50-е гг. XIX века стали закатными для истории «истинного славянофильства», когда уходят из жизни «старшие» славянофилы, а политический климат в стране под влиянием реформ меняется. Если это пробуждение в начале эпохи «душевного сдвига» началось с аристократических слоев общества, его «верхов», то 70-е гг., по слову Флоровского, «были временем острого религиозно-моралистического возбуждения, на верхах и в низах сразу (...) то была новая волна пиетизма, разливающаяся теперь в новых социальных слоях».15 80-е гг. названы Флоровским временем общественной усталости и угнетенности, временем «малых дел» и «уравновешенных душ»; отсюда начинается «обратный ход» от творческих религиозных поисков, начатых эпохой 30-х.

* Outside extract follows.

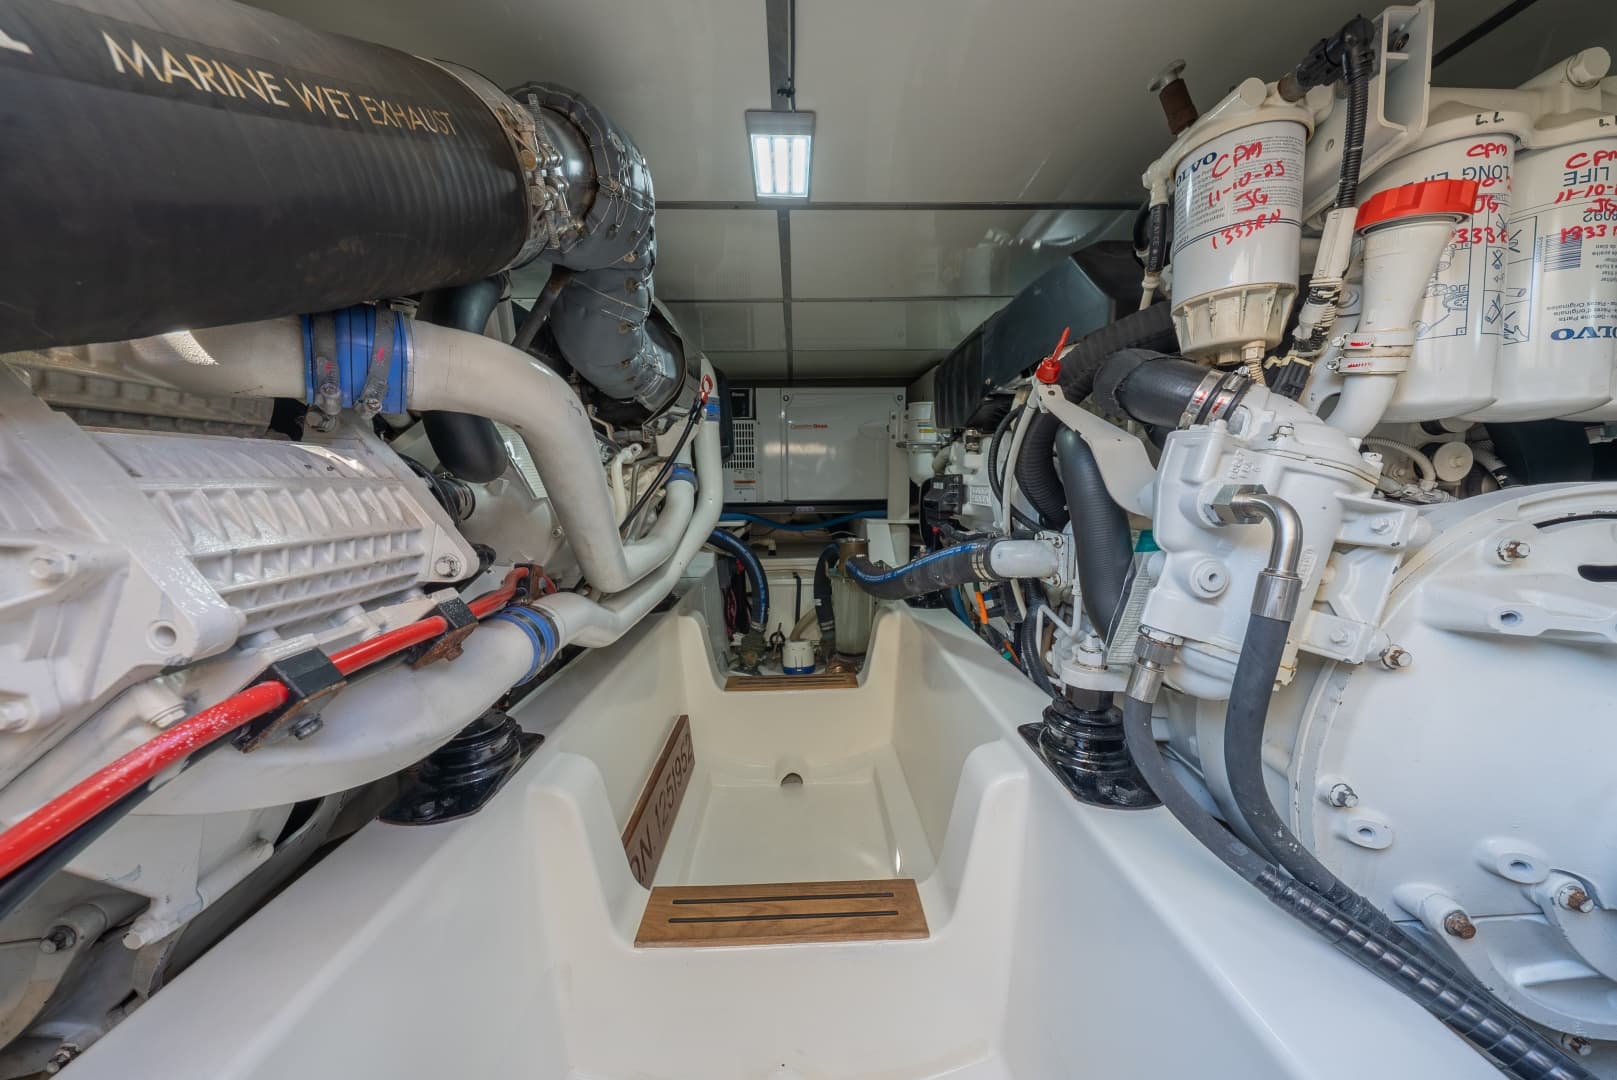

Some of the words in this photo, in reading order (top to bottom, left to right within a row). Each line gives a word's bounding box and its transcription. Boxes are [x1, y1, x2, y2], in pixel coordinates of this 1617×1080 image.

Границы рассматриваемой нами эпохи отражены не только в философском наследии, но и в трудах литературоведов, историков общественной мысли. «История русской литературы» А.Н.Пыпина, проникнутая мыслью о неразрывной связи общественной свободы с расцветом искусства, повествует о второй четверти ХГХ века как о противоречивой эпохе. Хронологически совпадающее с ней «богатое поэтическое развитие унаследовано было от предыдущего периода», внутренний же застой сопровождался реакционной политикой. Тем не менее в это время созревала литература, которая была «единственным поприщем и орудием общественной мысли (,..)».16 Предпочтение А.Н.Пыпин отдает следующей эпохе — 50-60-х гг.: «Конец 50-х и начало 60-х гг. останутся знаменательною эпохою в нашей истории».17 Концом этой эпохи следует считать, в изложении Пыпина, 80-е гг., когда возвращается реакция.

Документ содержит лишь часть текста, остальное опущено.